Each record below should be given again exactly as it reads.

-- Available records follows --

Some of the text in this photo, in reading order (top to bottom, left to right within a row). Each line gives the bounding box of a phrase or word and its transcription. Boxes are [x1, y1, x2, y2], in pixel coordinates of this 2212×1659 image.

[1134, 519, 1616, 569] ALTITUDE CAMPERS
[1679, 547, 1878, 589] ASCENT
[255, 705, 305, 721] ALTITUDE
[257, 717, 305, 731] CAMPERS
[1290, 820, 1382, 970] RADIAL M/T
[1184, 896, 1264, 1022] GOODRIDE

-- Available records concluded --

▸ **Worked solution**:
Some of the text in this photo, in reading order (top to bottom, left to right within a row). Each line gives the bounding box of a phrase or word and its transcription. Boxes are [x1, y1, x2, y2], in pixel coordinates of this 2212×1659 image.

[1134, 519, 1616, 569] ALTITUDE CAMPERS
[1679, 547, 1878, 589] ASCENT
[255, 705, 305, 721] ALTITUDE
[257, 717, 305, 731] CAMPERS
[1290, 820, 1382, 970] RADIAL M/T
[1184, 896, 1264, 1022] GOODRIDE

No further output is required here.